Let's get into the details. 



Originally, what drew me to his book was the way the author presented the story. In fact, it was the only thing I found interesting as I found the story itself was rather plain and boring. I enjoyed the communication from Leo to Hannah through a series of letters critiquing her book as it broke the fourth wall a bit. 

However, as I went on, the format lost its charm and only added to the confusing mess that was this book. I spent a lot of time during this book being very confused, which was both my fault and the books. My brain just kept going back and forth on whether or not this was a book about a book, which ended up pulling me out of the story. 

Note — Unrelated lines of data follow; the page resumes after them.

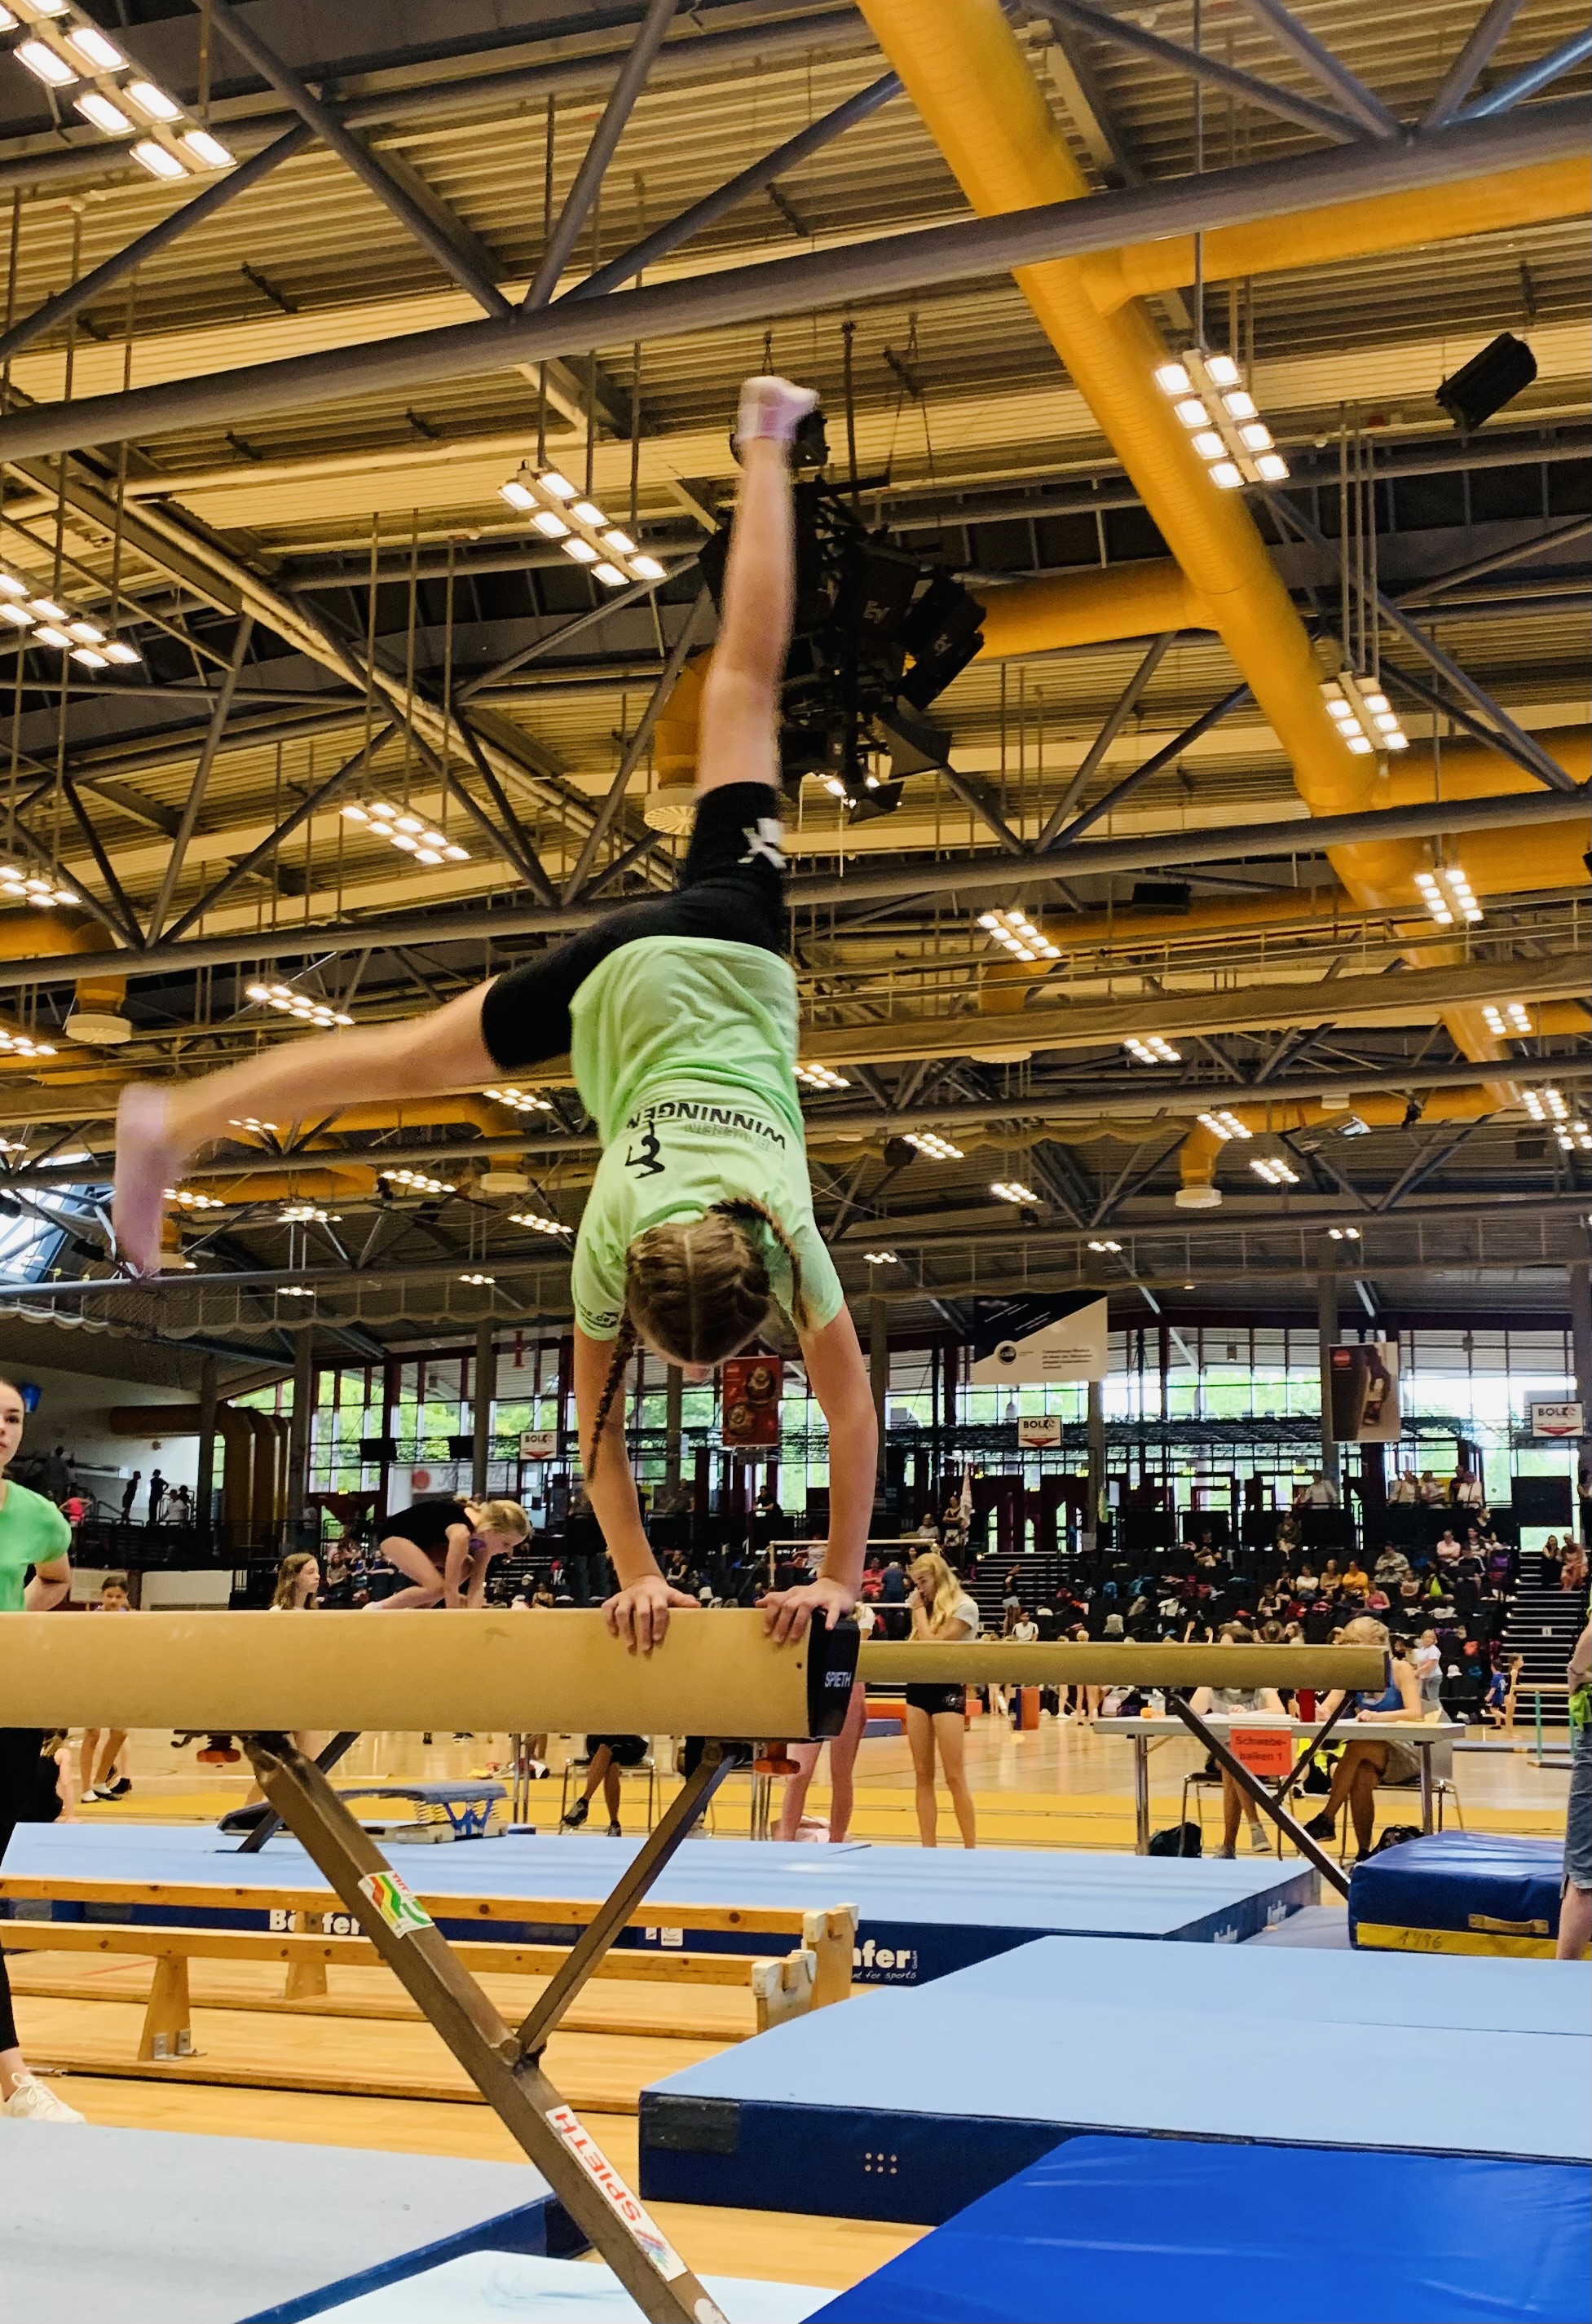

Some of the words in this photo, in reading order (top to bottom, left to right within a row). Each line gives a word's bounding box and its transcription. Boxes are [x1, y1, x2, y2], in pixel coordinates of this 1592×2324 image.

[626, 1102, 786, 1150] WINNINGEN
[1236, 1735, 1287, 1747] Schwebe-
[1277, 1752, 1282, 1761] 1
[270, 1910, 360, 1934] Bfer
[884, 1970, 917, 1981] sports
[554, 2113, 642, 2221] SPIETH

This is a multi-layered story where the author chose to focus on the second layer instead of the first. The 'real' story, which is nothing but a series of letters from Leo to Hannah, the author of the story you are actually reading. What we are consuming is a book in the works by a character we do not get to meet, which is a bit of an odd choice. 

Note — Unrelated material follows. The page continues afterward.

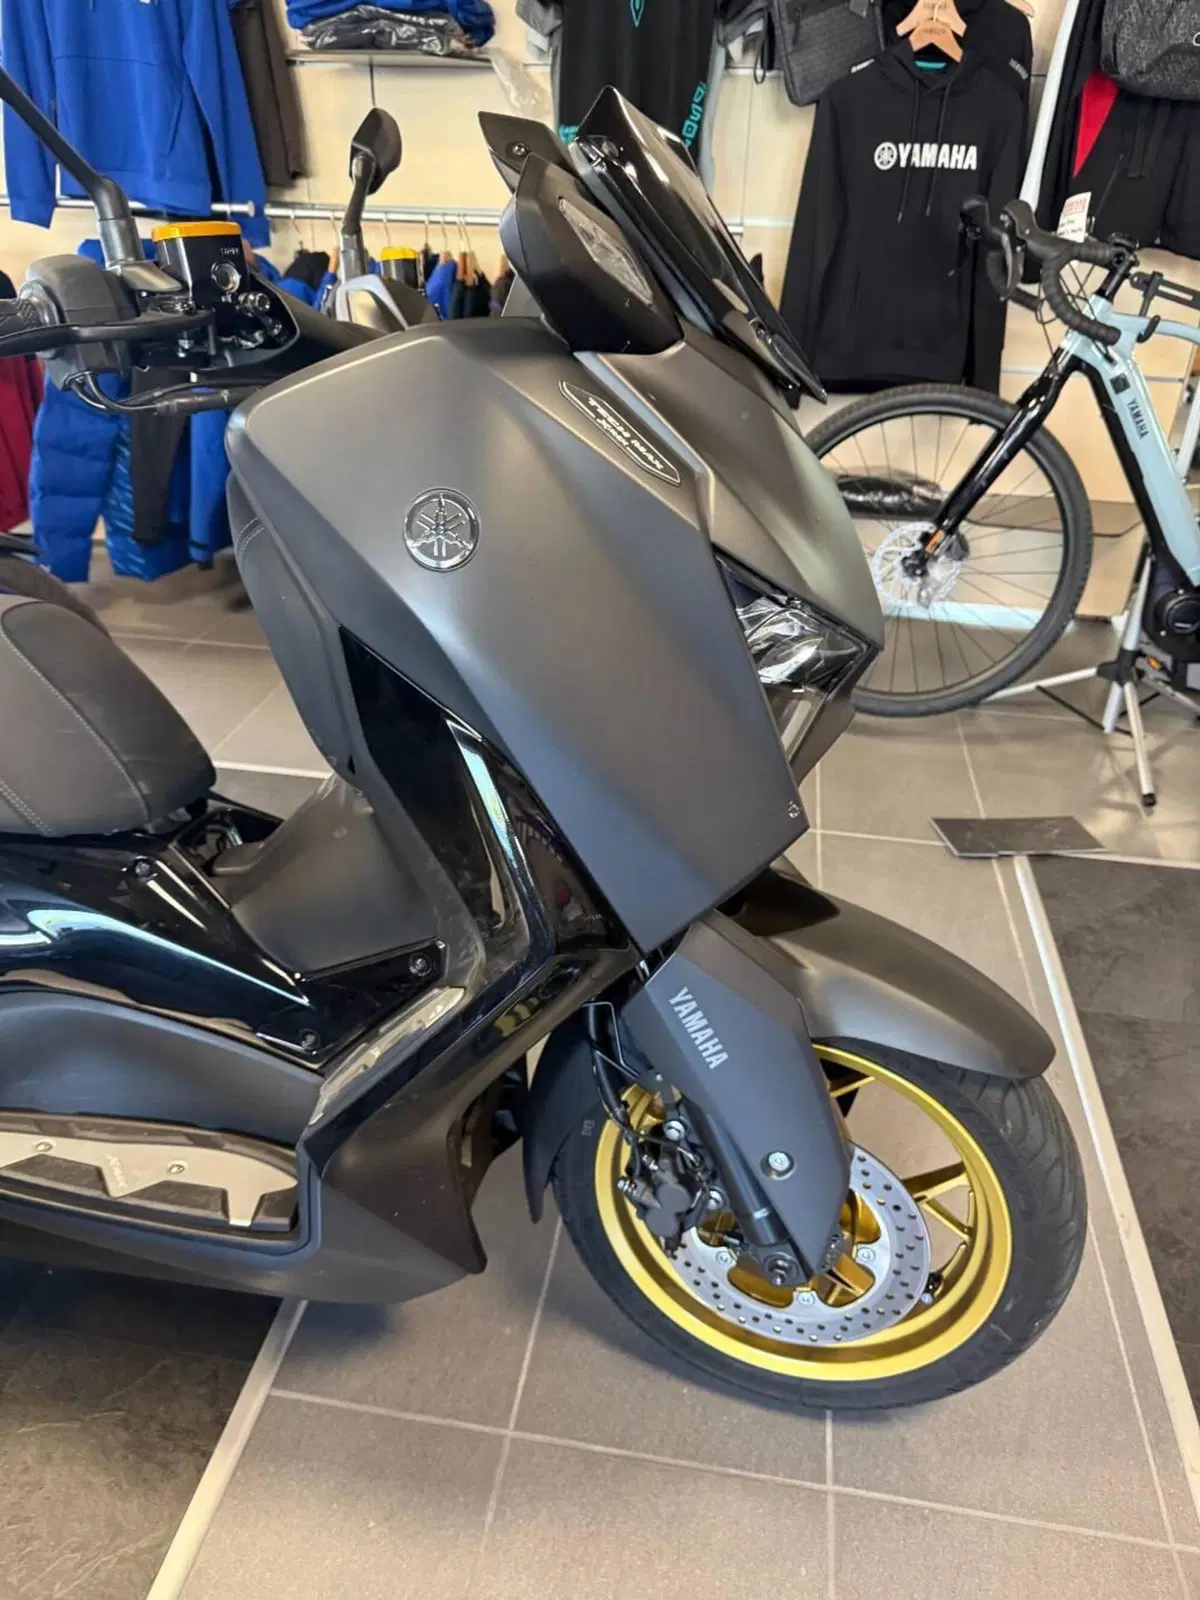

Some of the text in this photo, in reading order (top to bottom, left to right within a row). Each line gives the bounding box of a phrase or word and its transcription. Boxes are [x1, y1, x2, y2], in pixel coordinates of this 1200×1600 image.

[898, 142, 978, 171] YAMAHA
[588, 397, 664, 470] TECH MAX
[1126, 395, 1149, 440] YAMAHA
[668, 986, 729, 1070] YAMAHA

Like the nature of this story, I had layers upon layers of issues with the plot to the point where I don't even know where to begin. It was predictable in an 'in your face' kind of way, and it simply just wasn't a very captivating mystery thriller. As I said earlier, I didn't mind the story at first, but once the charm of the format wore off, I was left with a clunky and hollow story. 

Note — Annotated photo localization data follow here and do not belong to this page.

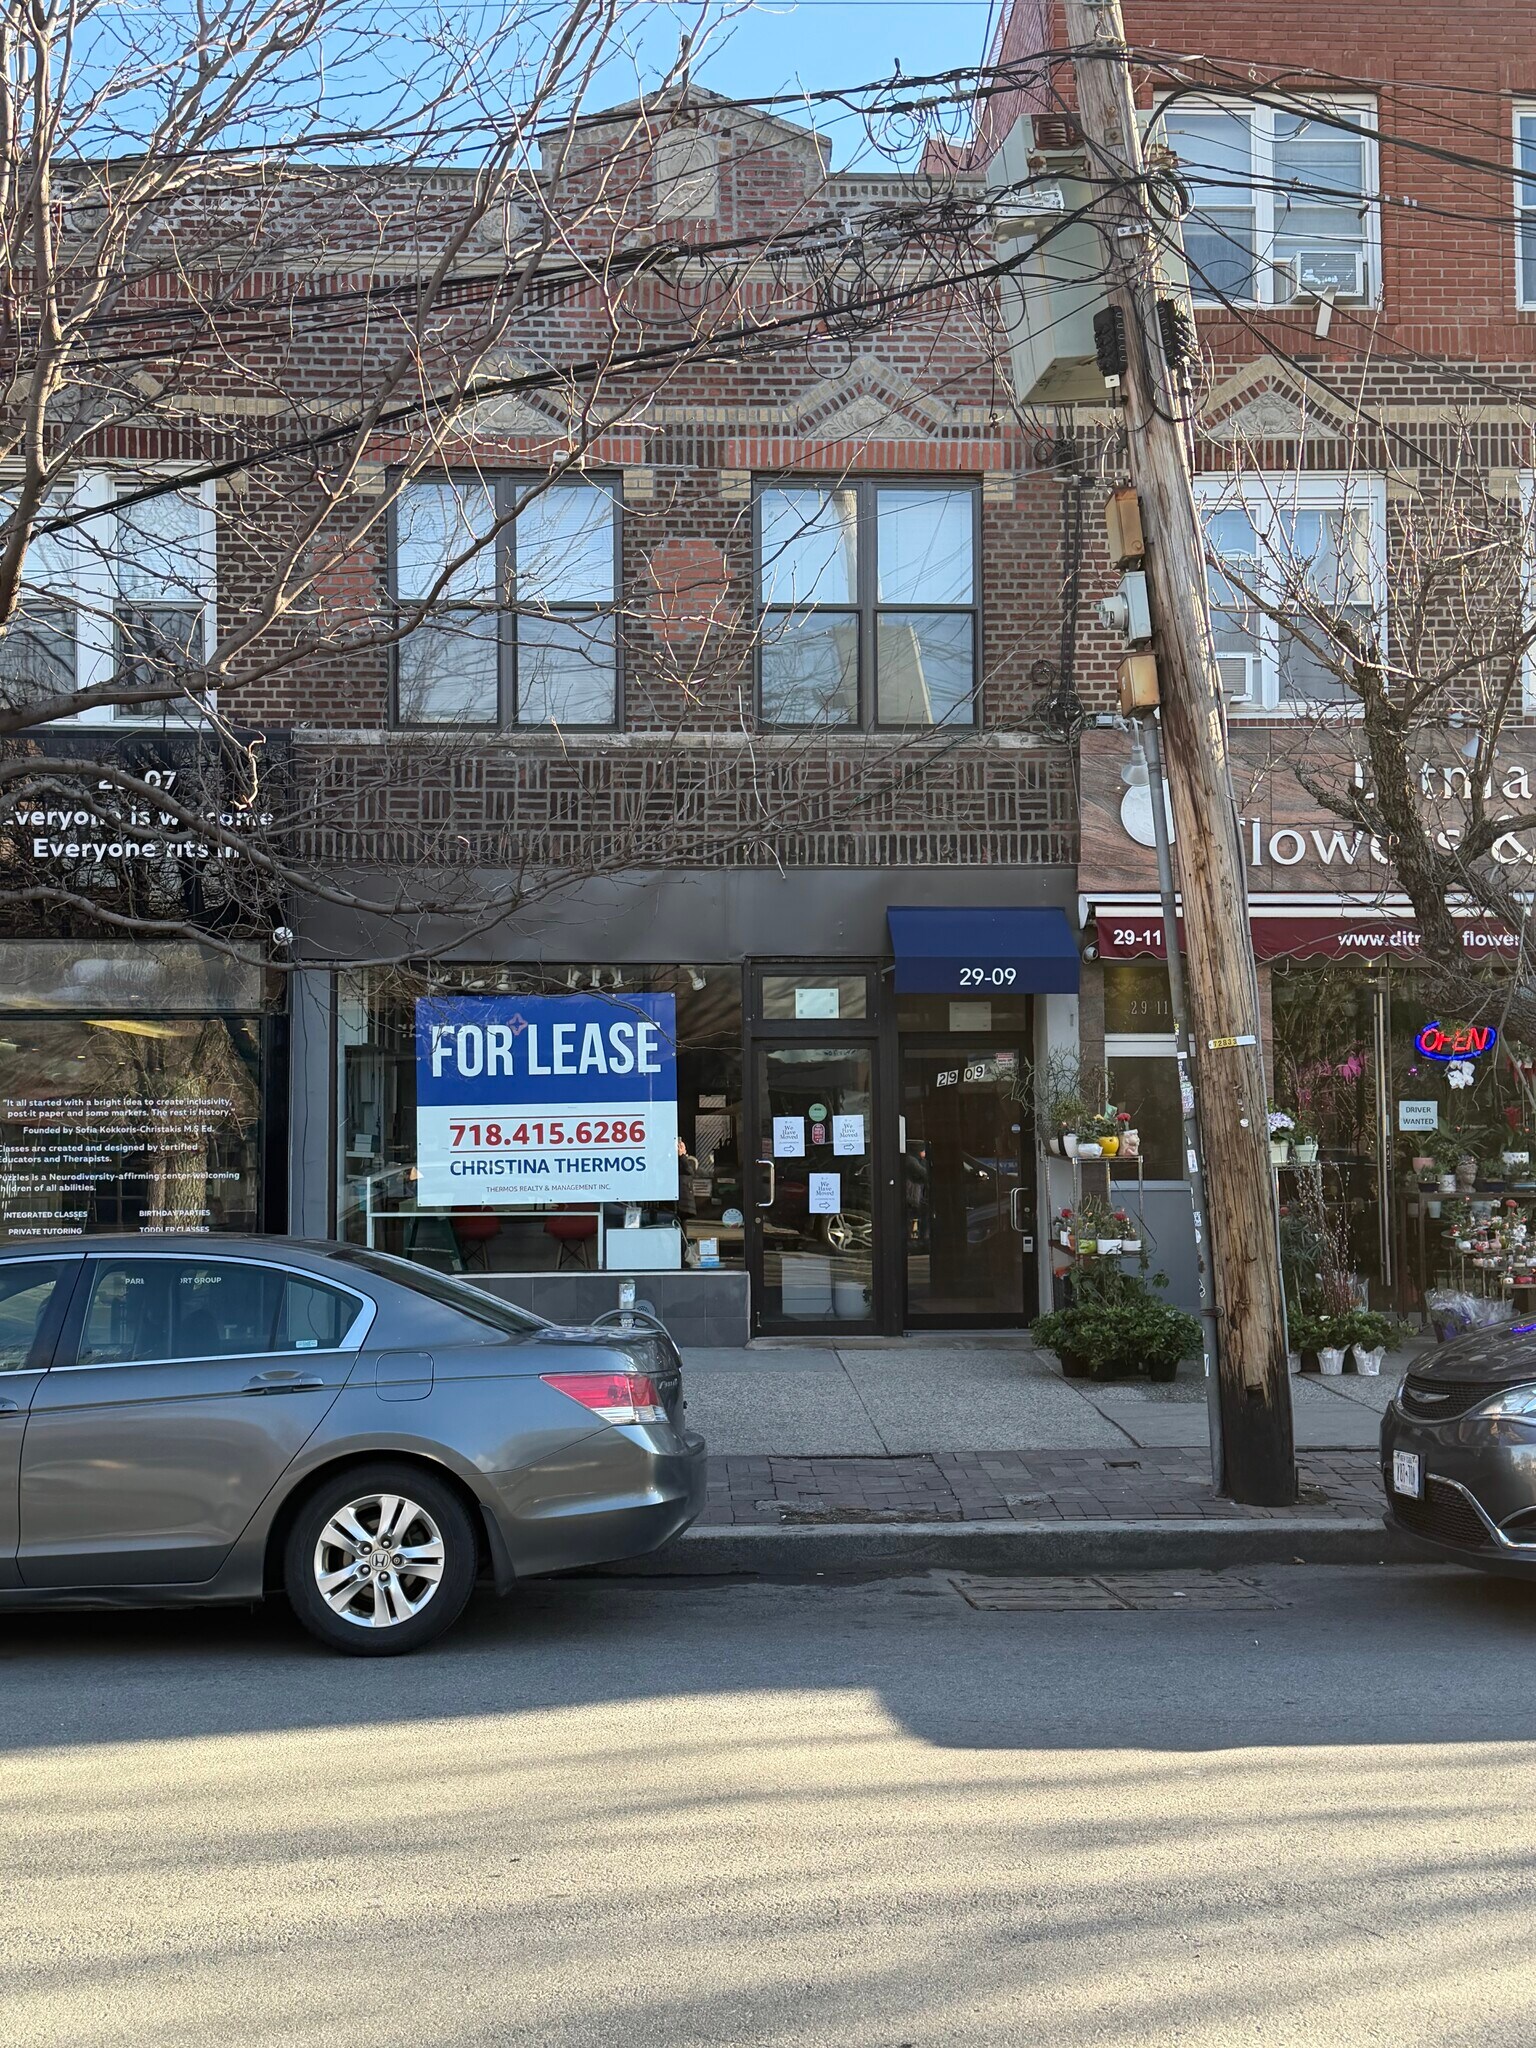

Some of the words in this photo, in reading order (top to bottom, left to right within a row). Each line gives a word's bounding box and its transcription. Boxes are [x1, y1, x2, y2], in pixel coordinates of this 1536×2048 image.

[131, 805, 150, 826] is
[33, 838, 156, 862] Everyone
[1113, 929, 1161, 945] 29-11
[959, 967, 1017, 986] 29-09
[1130, 1000, 1148, 1015] 29
[1156, 1000, 1168, 1015] 11
[432, 1022, 514, 1077] FOR
[527, 1021, 662, 1076] LEASE
[938, 1071, 958, 1086] 29
[964, 1065, 985, 1081] 09
[16, 1098, 27, 1107] all
[29, 1098, 62, 1107] started
[64, 1098, 84, 1106] with
[94, 1098, 121, 1108] bright
[123, 1097, 142, 1106] idea
[144, 1098, 154, 1106] to
[156, 1098, 187, 1106] create
[186, 1097, 233, 1107] inclusivity,
[39, 1110, 65, 1118] paper
[67, 1108, 83, 1117] and
[86, 1109, 109, 1117] some
[111, 1108, 149, 1117] markers.
[151, 1108, 168, 1117] The
[169, 1108, 187, 1116] rest
[189, 1108, 197, 1116] is
[1402, 1117, 1435, 1125] WANTED
[23, 1126, 61, 1134] Founded
[62, 1126, 73, 1135] by
[75, 1126, 97, 1134] Sofia
[99, 1125, 182, 1133] Kokkoris-Christakis
[201, 1125, 214, 1133] Ed.
[449, 1119, 646, 1147] 718.415.6286
[49, 1144, 83, 1152] created
[85, 1144, 102, 1152] and
[104, 1143, 145, 1153] designed
[147, 1143, 158, 1153] by
[160, 1143, 198, 1151] certified
[43, 1155, 61, 1163] and
[63, 1155, 112, 1164] Therapists.
[449, 1157, 550, 1177] CHRISTINA
[554, 1156, 646, 1174] THERMOS
[0, 1173, 32, 1181] uzzles
[32, 1173, 39, 1181] is
[49, 1172, 160, 1182] Neurodiversity-affirming
[193, 1171, 240, 1181] welcoming
[34, 1184, 44, 1192] of
[46, 1184, 56, 1192] all
[59, 1183, 96, 1192] abilities.
[598, 1183, 612, 1191] INC.
[5, 1211, 53, 1219] INTEGRATED
[54, 1211, 88, 1219] CLASSES
[8, 1228, 41, 1236] PRIVATE
[43, 1227, 83, 1235] TUTORING
[194, 1276, 222, 1284] GROUP

Let's start with its predictability. The author very blatantly steers the story in one direction, which creates an issue because - either the person to who all the suspicion is pointed either did or didn't do it. Now, this is an issue because, from the start, the author left the reader with only two options and, after a while, you lose interest in what the outcome is going to actually be. It also just felt very forced because of how blatant the blame was pushed. 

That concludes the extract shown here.